BEGIN EXTRACTED DATA

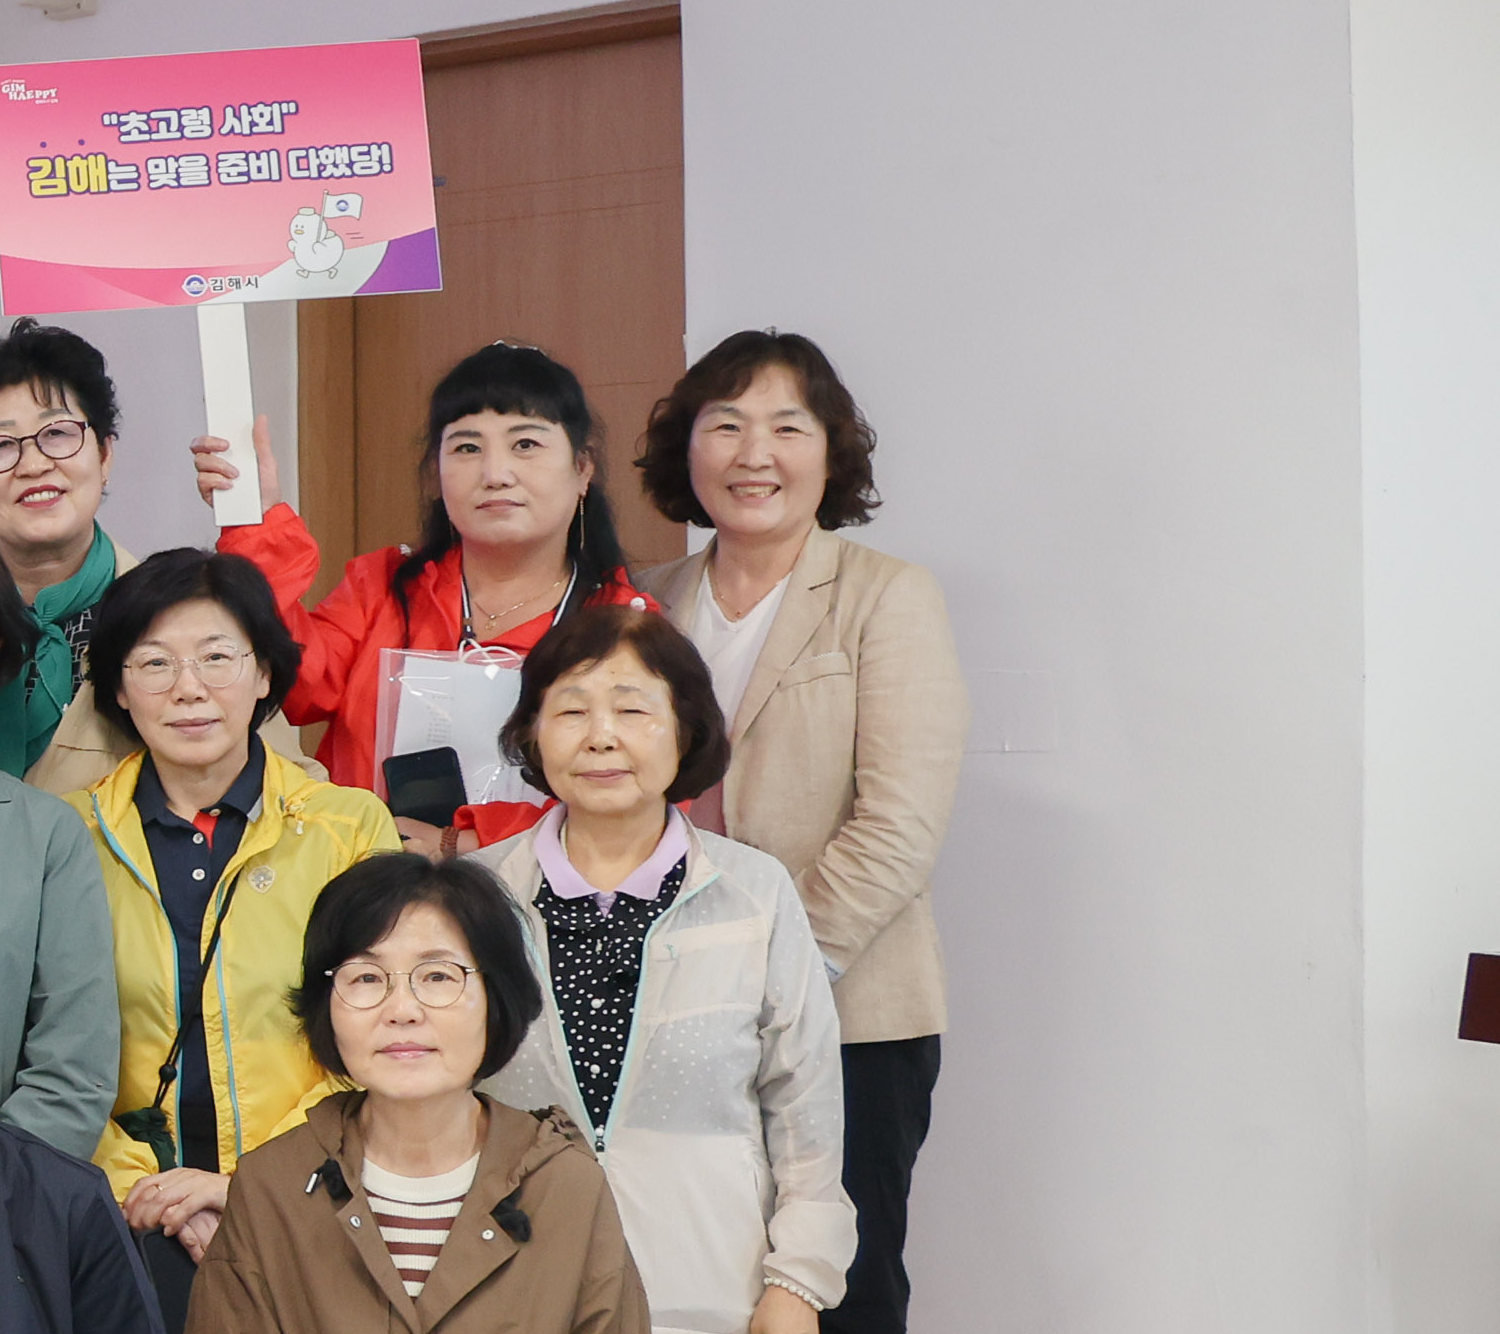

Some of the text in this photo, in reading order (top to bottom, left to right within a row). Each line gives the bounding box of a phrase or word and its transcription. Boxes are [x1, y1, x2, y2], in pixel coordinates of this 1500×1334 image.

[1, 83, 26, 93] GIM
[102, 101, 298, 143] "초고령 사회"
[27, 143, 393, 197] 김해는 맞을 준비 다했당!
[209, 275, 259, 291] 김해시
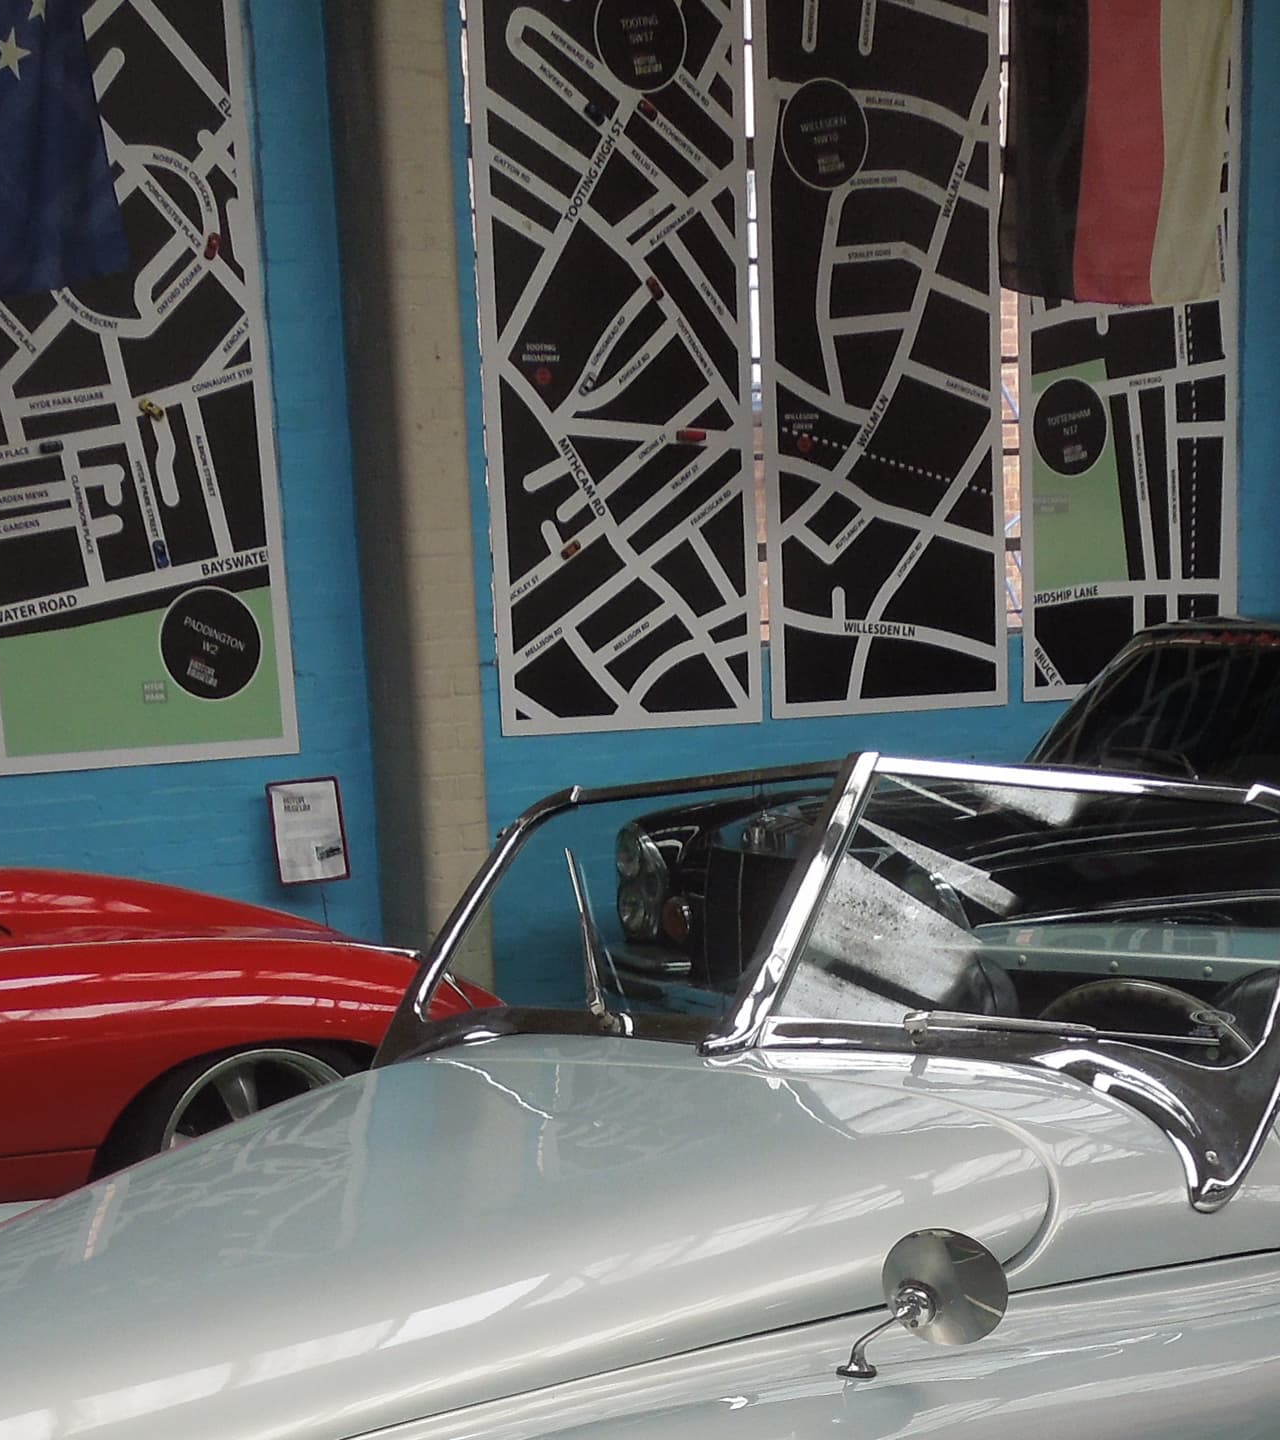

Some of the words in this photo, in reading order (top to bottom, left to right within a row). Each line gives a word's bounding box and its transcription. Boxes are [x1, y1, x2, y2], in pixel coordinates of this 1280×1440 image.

END EXTRACTED DATA
BEGIN EXTRACTED DATA

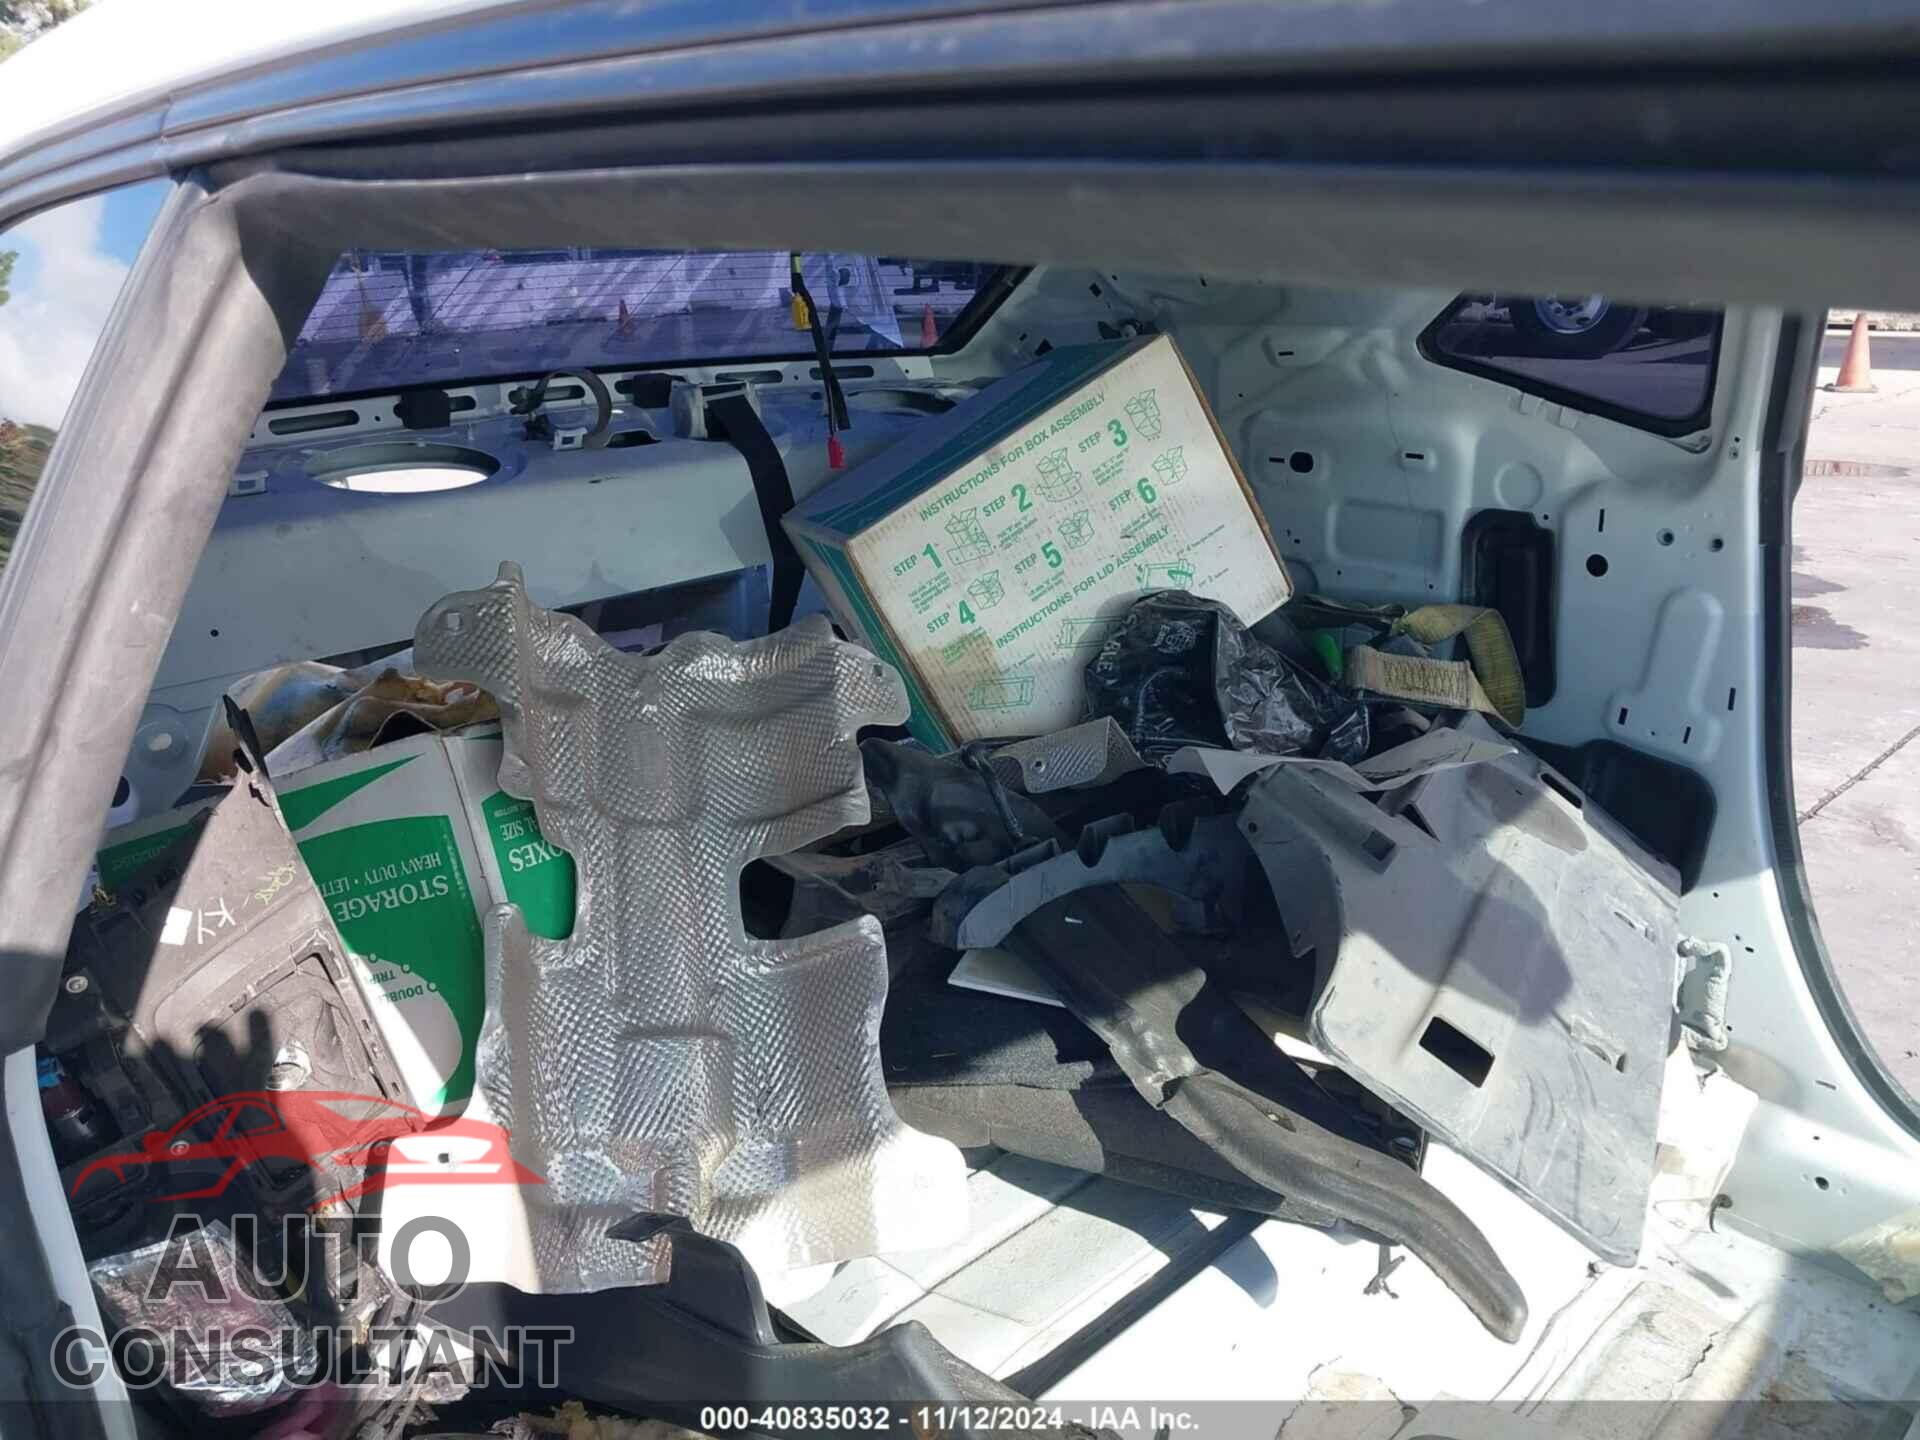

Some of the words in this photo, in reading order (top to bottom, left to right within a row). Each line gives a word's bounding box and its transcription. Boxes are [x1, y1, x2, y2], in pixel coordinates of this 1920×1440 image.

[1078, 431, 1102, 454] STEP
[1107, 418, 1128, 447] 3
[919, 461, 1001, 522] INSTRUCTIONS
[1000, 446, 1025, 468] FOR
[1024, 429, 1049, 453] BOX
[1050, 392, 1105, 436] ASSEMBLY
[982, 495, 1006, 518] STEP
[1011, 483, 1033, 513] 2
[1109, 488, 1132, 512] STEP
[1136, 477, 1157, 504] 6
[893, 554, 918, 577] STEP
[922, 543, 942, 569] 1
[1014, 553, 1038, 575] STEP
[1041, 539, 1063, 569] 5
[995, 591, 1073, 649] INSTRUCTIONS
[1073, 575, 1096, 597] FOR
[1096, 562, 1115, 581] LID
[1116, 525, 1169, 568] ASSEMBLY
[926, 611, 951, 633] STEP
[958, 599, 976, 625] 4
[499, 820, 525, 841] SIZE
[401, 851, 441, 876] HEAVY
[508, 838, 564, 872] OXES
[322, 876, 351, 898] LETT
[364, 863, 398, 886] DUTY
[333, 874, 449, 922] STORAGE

END EXTRACTED DATA

▸ PROBLEM DESCRIPTION
The material above holds pictures; leave them out and set down exactly the lines from the line with "Some of the text" to the line with "this 1280×1440 image.", both included.

▸ SOLUTION
Some of the text in this photo, in reading order (top to bottom, left to right within a row). Each line gives the bounding box of a phrase or word and its transcription. Boxes are [x1, y1, x2, y2], in pixel coordinates of this 1500×1334 image.

[1, 83, 26, 93] GIM
[102, 101, 298, 143] "초고령 사회"
[27, 143, 393, 197] 김해는 맞을 준비 다했당!
[209, 275, 259, 291] 김해시

Some of the words in this photo, in reading order (top to bottom, left to right within a row). Each line gives a word's bounding box and its transcription. Boxes are [x1, y1, x2, y2], in pixel coordinates of this 1280×1440 image.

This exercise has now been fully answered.